Les joueurs peuvent au moins les remercier d’avoir pris celui d’éditer Conker’s Bad Fur Day en Europe. Mais l’éditeur passe à la vitesse supérieure en 2004 avec Tak et le Pouvoir de Juju. Cette fois, THQ tente le parcours inverse : créer une nouvelle licence en partenariat avec Nickelodeon pour la voir éclore à la télévision. Mais le dessin animé tarde à sortir et le jeu fait un bide. Heureusement, entre Les Razmoket, Le Monde de Nemo, Scooby-Doo ou Jimmy Neutron, la firme peut se refaire. Et si Fire Warrior, leur premier jeu estampillé Warhammer 40,000, n’est pas un succès, l’avenir montrera qu’ils avaient trouvé la bonne licence, mais peut-être pas encore le studio pour en tirer parti. La même année, S.T.A.L.K.E.R. éblouit déjà les visiteurs de l’E3.
En 2005, six de leurs jeux sont million sellers, voire bien plus, comme WWE Smackdown! Vs. RAW, l’adaptation du film Bob L’Éponge ou encore celle des Indestructibles. Et dans le lot, on trouve déjà une licence maison, Full Spectrum Warrior, qui préfigure la mode des FPS au sein de conflits modernes trois ans avant Modern Warfare ! Hélas, c’est à cette époque que des tensions apparaissent avec la WWE, qui conteste certains aspects du contrat qui les lie à THQ. Et c’est aussi le moment où la compagnie commence à avoir les yeux plus gros que le ventre. Le marché des kids sur les consoles vieillissantes désormais acquis, THQ s’implique franchement dans la next-gen afin de devenir leader sur tous les tableaux. La firme veut son GTA, ce sera Saints Row. Elle veut son Call of Duty, ce sera Homefront. Ces développements ambitieux ont un coût exorbitant, mais celui-ci est encore amorti par les bénéfices engrangés par ailleurs.
En 2005, THQ devient le temps d’un trimestre le deuxième éditeur américain, derrière Electronic Arts. Le temps des remises en cause n’est pas venu et d’ailleurs, la société signe sa plus grosse année en 2007, avec des actions qui dépassent les 30$. Son chiffre d’affaires franchit le milliard de dollars. De nouvelles licences comme MX vs. ATV, Red Faction, Juiced, Destroy All Humans!, Stuntman et Saints Row sont toutes million sellers, et l’éditeur peut toujours se vanter d’avoir des jeux gamers comme S.T.A.L.K.E.R., Company of Heroes, Supreme Commander ou encore Titan Quest. C’est aussi à ce moment que THQ acquiert les droits très courtisés, mais très chers, de l’UFC. Hélas, les revenus engendrés par les licences kids commencent à diminuer.

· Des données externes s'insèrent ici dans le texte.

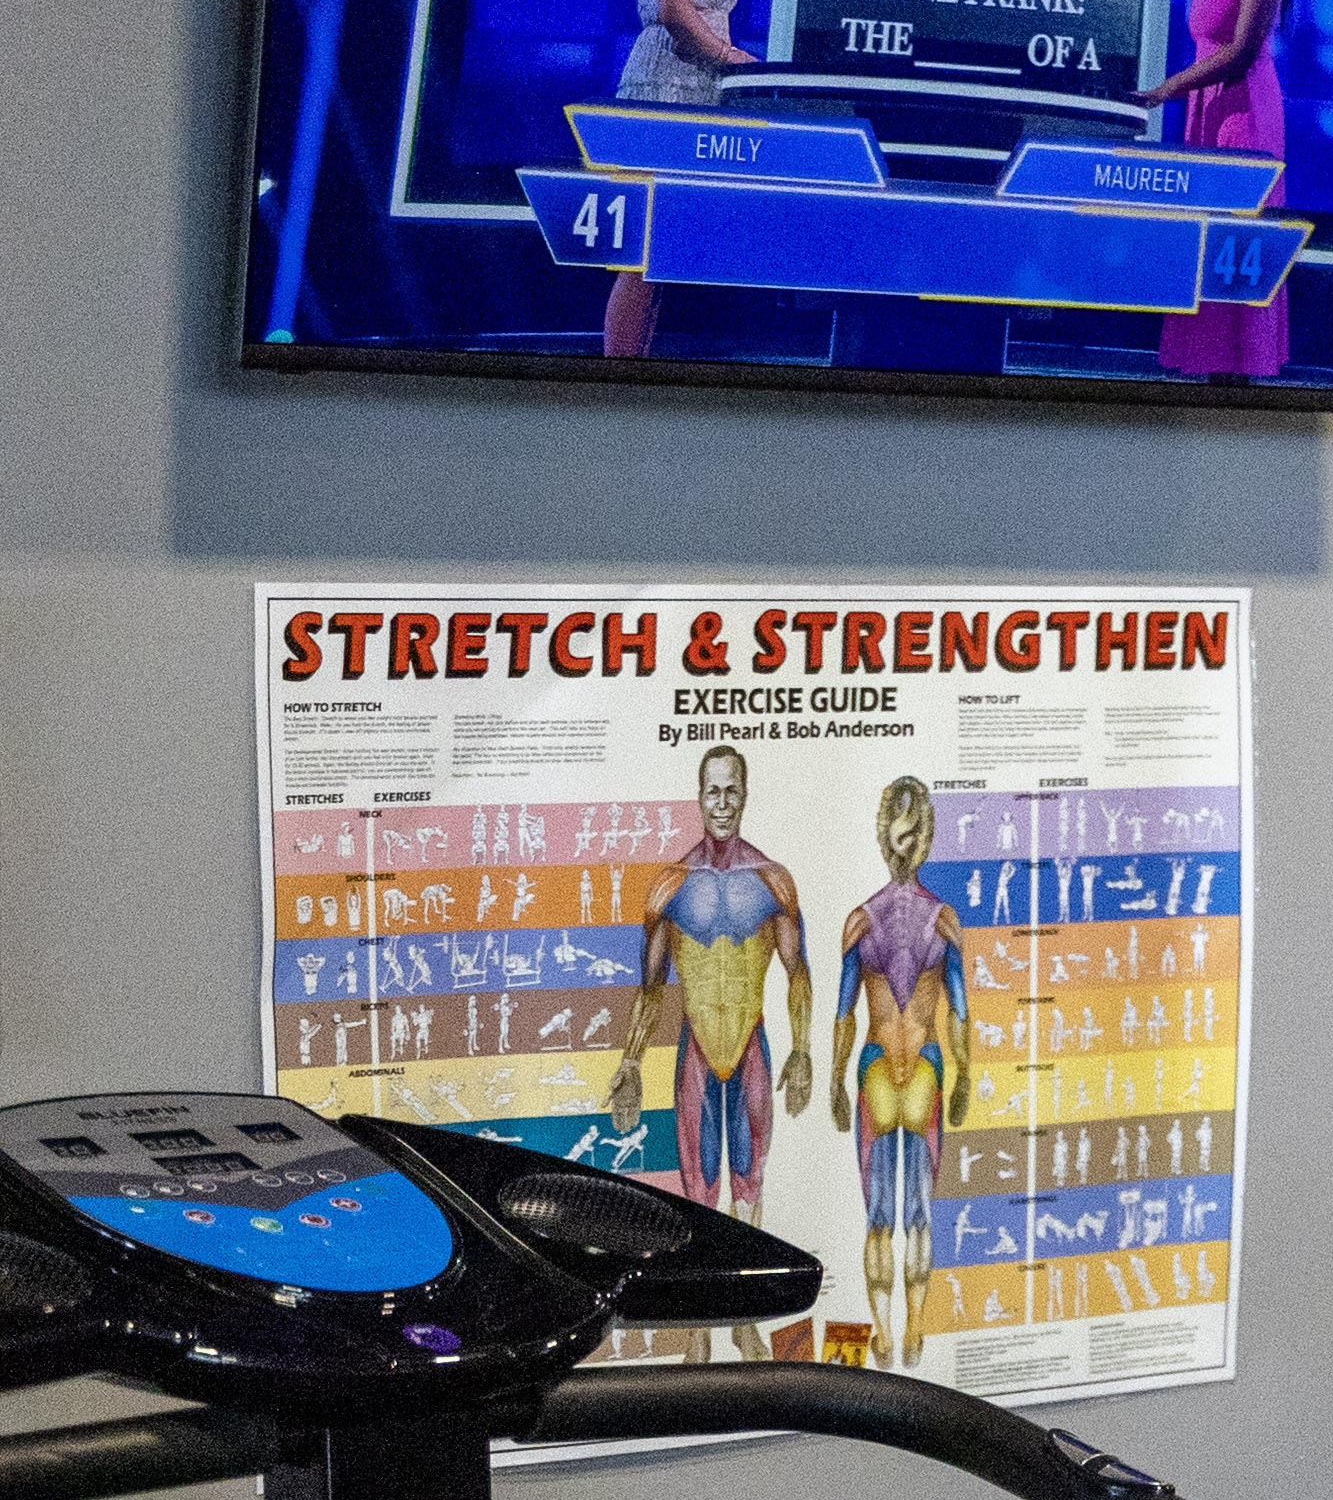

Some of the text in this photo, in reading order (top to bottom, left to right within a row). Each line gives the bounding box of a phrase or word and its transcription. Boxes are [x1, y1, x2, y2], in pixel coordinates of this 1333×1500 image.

[841, 16, 1101, 72] THE OF A
[695, 133, 763, 164] EMILY
[1093, 163, 1192, 194] MAUREEN
[572, 192, 628, 251] 41
[1212, 236, 1264, 287] 44
[283, 608, 1228, 682] STRETCH & STRENGTHEN
[283, 701, 382, 713] HOW TO STRETCH
[673, 687, 898, 716] EXERCISE GUIDE
[1000, 695, 1021, 705] LIFT
[658, 719, 915, 747] By Bill Pearl & Bob Anderson
[933, 779, 987, 791] STRETCHES
[285, 793, 345, 806] STRETCHES
[374, 791, 431, 803] EXERCISES
[359, 809, 383, 820] NECK
[345, 871, 397, 884] SHOULDERS
[348, 1066, 406, 1079] ABDOMINALS

Comme à l’époque des 16-bit, ces jeux se vendent surtout sur les consoles de génération précédente. En 2007, la GBA, la DS et la PS2 représentent 50% des ventes de THQ, dont 30% rien que pour la PS2… Quand ces consoles tirent leur révérence, il est trop tard ; THQ a raté le coche des jeux sur mobile ainsi que celui de la Wii, pourtant adaptée aux licences de l’éditeur. Son président Danny Bilson boude ouvertement la console bien que l’excellent De Blob se vende à 700000 unités et le nettement moins bon Big Beach Sports à 1,2 millions. En plus, Disney enfonce le clou en décidant de se lancer dans le jeu vidéo et en récupérant peu à peu ses licences… C’est paradoxalement sur le marché du jeu mature et sur PC (S.T.A.L.K.E.R., Dawn of War et plus tard Metro 2033), que l’éditeur s’en tire le mieux, même si la licence de Games Workshop est surtout populaire en Europe. Mais surtout, la qualité est au rendez-vous.

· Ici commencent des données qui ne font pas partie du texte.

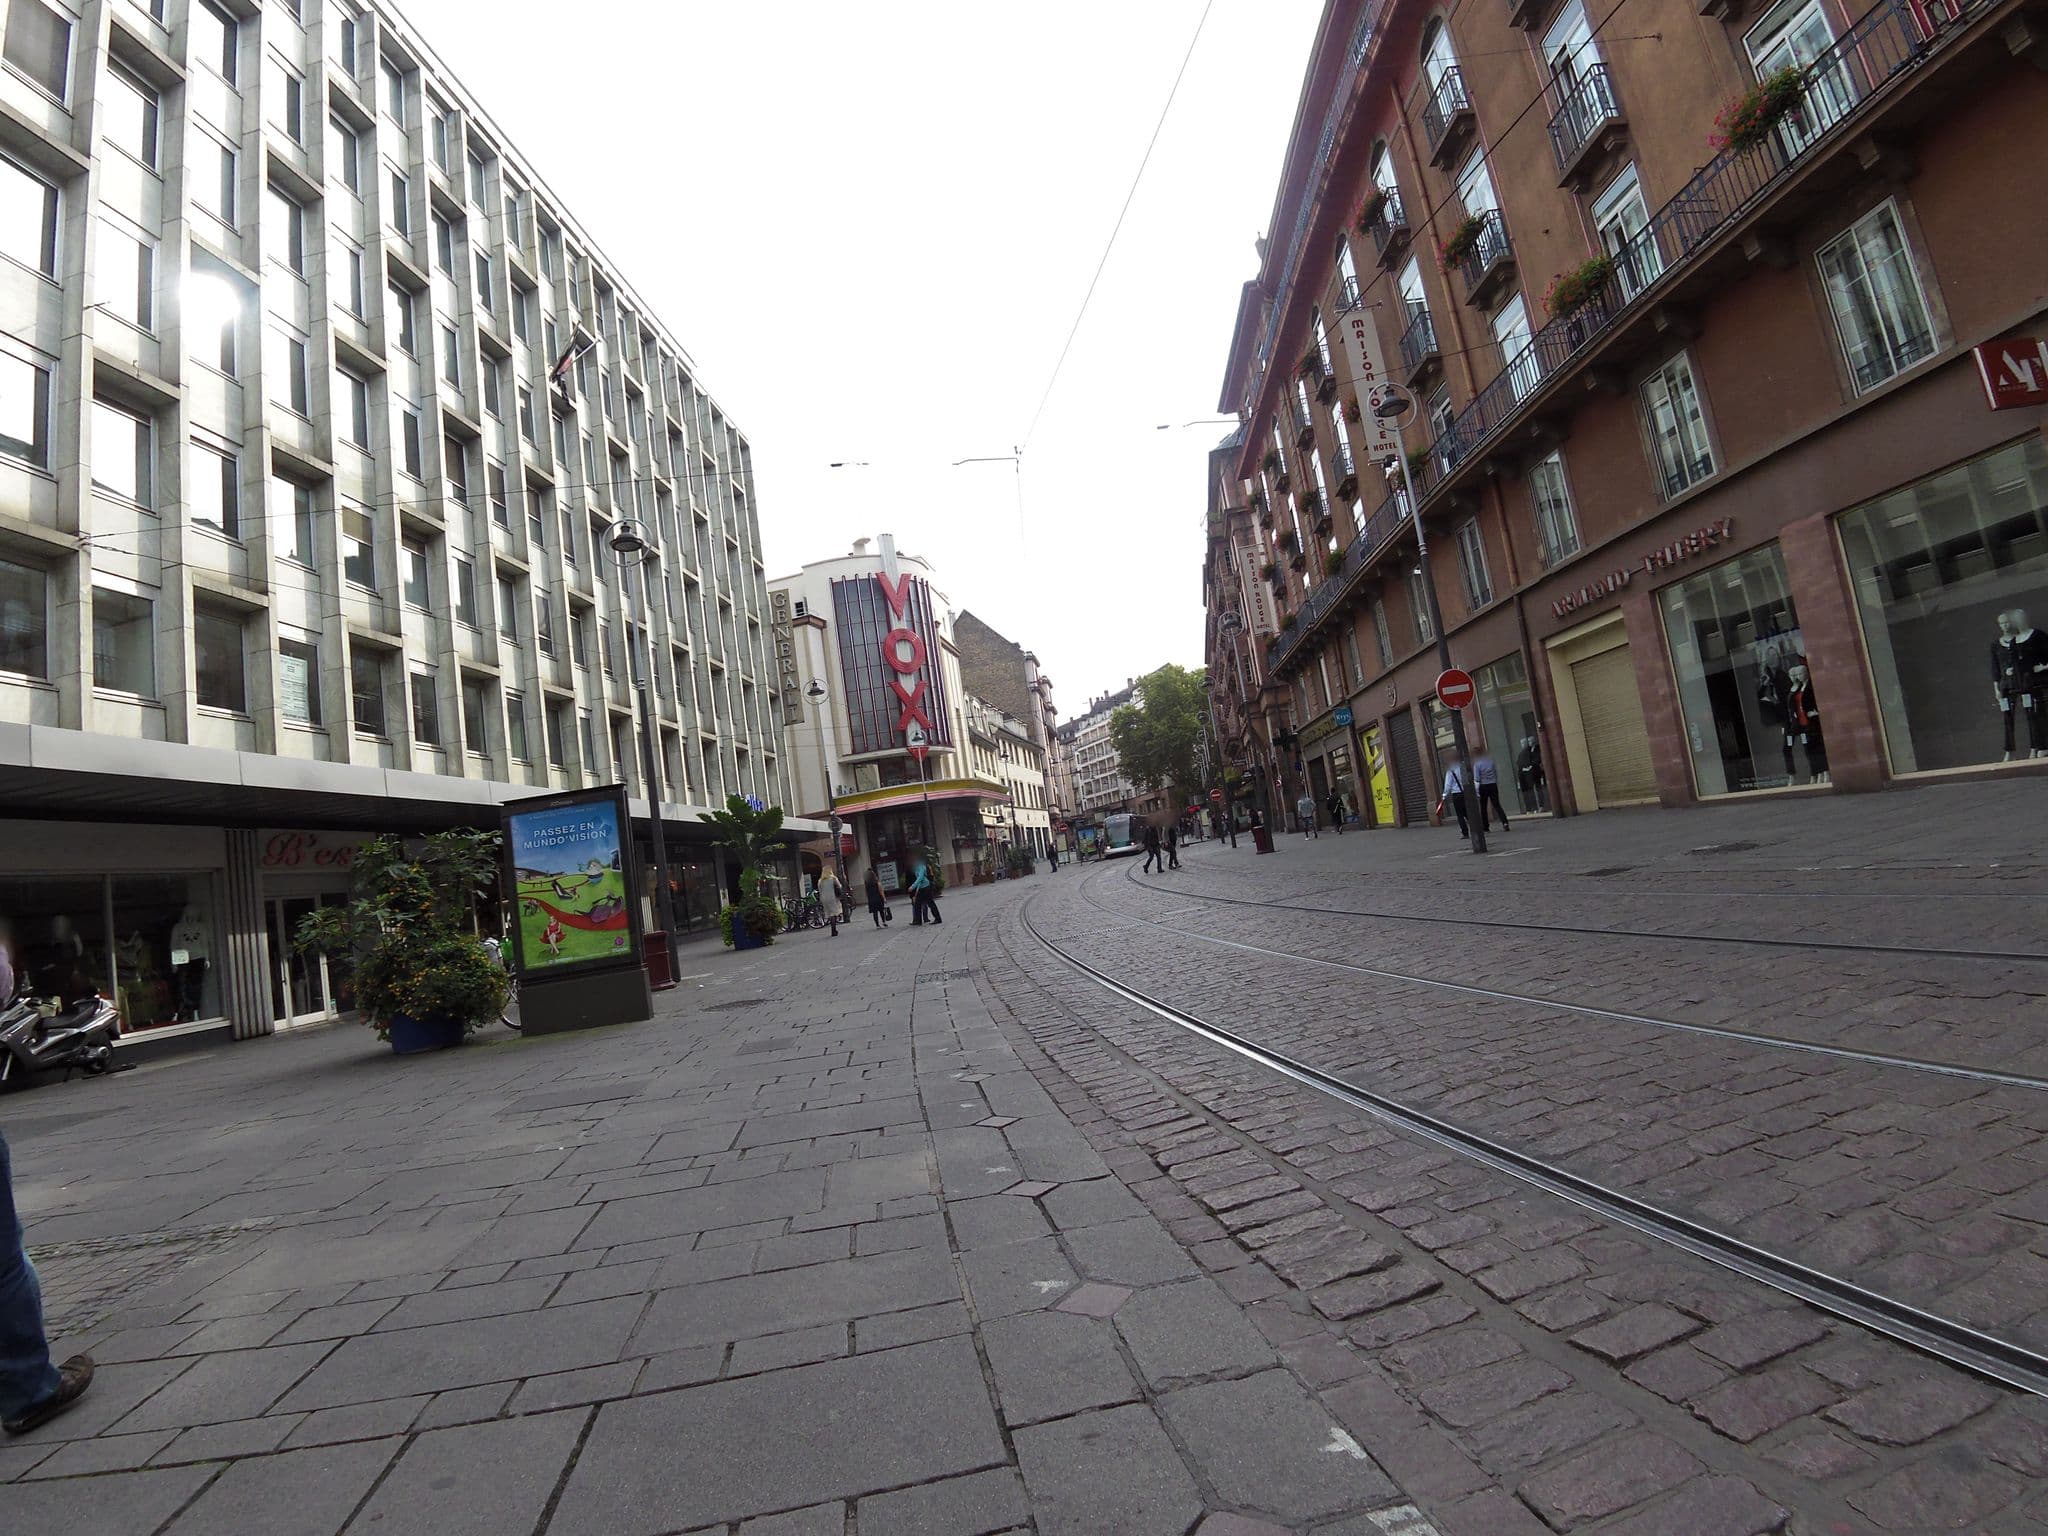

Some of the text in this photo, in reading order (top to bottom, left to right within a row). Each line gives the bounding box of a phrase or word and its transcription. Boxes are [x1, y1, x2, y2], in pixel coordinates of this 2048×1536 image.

Bien sûr, THQ gagne plus d’argent avec le médiocre 50 Cent ou avec ses jeux WWE qui accusent leur âge, qu’avec des titres plus audacieux comme Deadly Creatures ou Darksiders. Ce dernier est un petit succès, mais décevant compte tenu des attentes et de son budget. En 2008, l’éditeur commence à perdre de l’argent, mais pas parce que ses jeux se vendent mal ; parce qu’il continue d’acheter des studios et dépense plus qu’il ne gagne. Les restructurations commencent et THQ fait de mauvais choix, comme ne pas capitaliser sur le succès de Red Faction Guerilla en prenant la direction inverse pour sa suite. Même quand les jeux WWE et UFC se vendent à plus de quatre millions chacun, l’éditeur ne parvient pas à l’équilibre car il doit verser plus de 13 millions d’amende à la fédération de catch pour clore enfin leur litige… THQ annule également un MMO qui se serait peut-être cassé la figure, mais dont le développement a déjà été très coûteux.
Et le coup de grâce, c’est THQ qui se l’inflige lui-même. Sans doute motivé par le succès-surprise de Drawn to Life, la firme annonce en 2010 uDraw, un logiciel basé sur l’utilisation d’une tablette tactile. Préfigurant la Wii U, le jeu va, contrairement à ce que l’on entend, très bien se vendre, du moins sur Wii où il s’écoule à 1,7 millions d’unités, un bon chiffre pour un jeu à accessoire. C’est son coût de développement exorbitant, couplé à son échec total sur consoles HD, qui va laisser THQ avec 1,4 millions d’invendus et une facture de 100 millions de dollars. Au même moment, l’éditeur se ruine dans le marketing de Homefront, pour en faire le nouveau Call of Duty. Mais on n’impose pas facilement une nouvelle franchise du premier coup… Et il ne faut pas chercher bien loin pour en trouver un exemple : Saints Row ! En mai 2012, l’ancien patron Danny Bilson est remplacé par Jason Rubin (de Naughty Dog), mais il est déjà trop tard.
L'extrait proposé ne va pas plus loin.